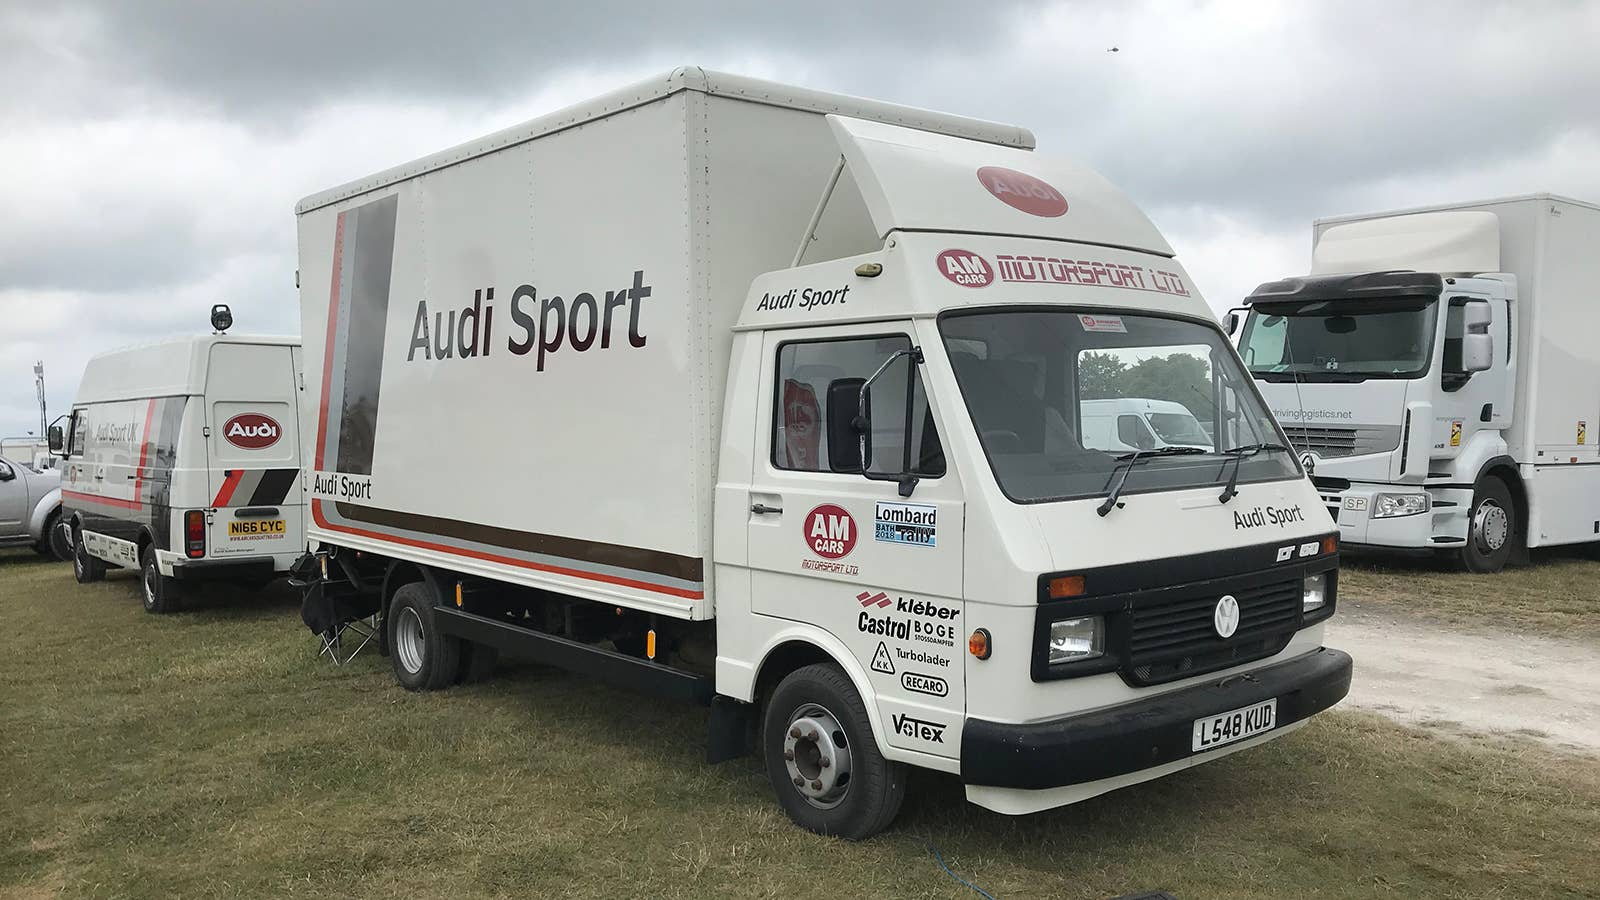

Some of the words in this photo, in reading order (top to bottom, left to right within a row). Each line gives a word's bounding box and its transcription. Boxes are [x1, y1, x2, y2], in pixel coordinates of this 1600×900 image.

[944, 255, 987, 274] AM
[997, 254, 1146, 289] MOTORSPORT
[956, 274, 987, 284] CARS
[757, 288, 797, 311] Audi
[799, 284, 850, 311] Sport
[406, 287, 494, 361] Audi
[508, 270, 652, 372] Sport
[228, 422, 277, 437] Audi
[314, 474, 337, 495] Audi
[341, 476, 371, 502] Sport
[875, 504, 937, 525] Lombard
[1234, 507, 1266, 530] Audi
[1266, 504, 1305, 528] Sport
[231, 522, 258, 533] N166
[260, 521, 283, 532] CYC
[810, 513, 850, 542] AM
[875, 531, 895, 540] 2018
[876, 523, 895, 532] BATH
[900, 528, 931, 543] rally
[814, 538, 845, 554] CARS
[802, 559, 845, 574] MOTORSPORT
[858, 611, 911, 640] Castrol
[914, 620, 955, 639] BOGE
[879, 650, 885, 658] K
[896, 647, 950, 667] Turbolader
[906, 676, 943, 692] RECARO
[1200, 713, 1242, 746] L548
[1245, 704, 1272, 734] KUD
----
Exercise objective =>
Output the listing word for word. Drop the pictures.

Answer below =>
Some of the words in this photo, in reading order (top to bottom, left to right within a row). Each line gives a word's bounding box and its transcription. Boxes are [x1, y1, x2, y2], in pixel coordinates of this 1600×900 image.

[944, 255, 987, 274] AM
[997, 254, 1146, 289] MOTORSPORT
[956, 274, 987, 284] CARS
[757, 288, 797, 311] Audi
[799, 284, 850, 311] Sport
[406, 287, 494, 361] Audi
[508, 270, 652, 372] Sport
[228, 422, 277, 437] Audi
[314, 474, 337, 495] Audi
[341, 476, 371, 502] Sport
[875, 504, 937, 525] Lombard
[1234, 507, 1266, 530] Audi
[1266, 504, 1305, 528] Sport
[231, 522, 258, 533] N166
[260, 521, 283, 532] CYC
[810, 513, 850, 542] AM
[875, 531, 895, 540] 2018
[876, 523, 895, 532] BATH
[900, 528, 931, 543] rally
[814, 538, 845, 554] CARS
[802, 559, 845, 574] MOTORSPORT
[858, 611, 911, 640] Castrol
[914, 620, 955, 639] BOGE
[879, 650, 885, 658] K
[896, 647, 950, 667] Turbolader
[906, 676, 943, 692] RECARO
[1200, 713, 1242, 746] L548
[1245, 704, 1272, 734] KUD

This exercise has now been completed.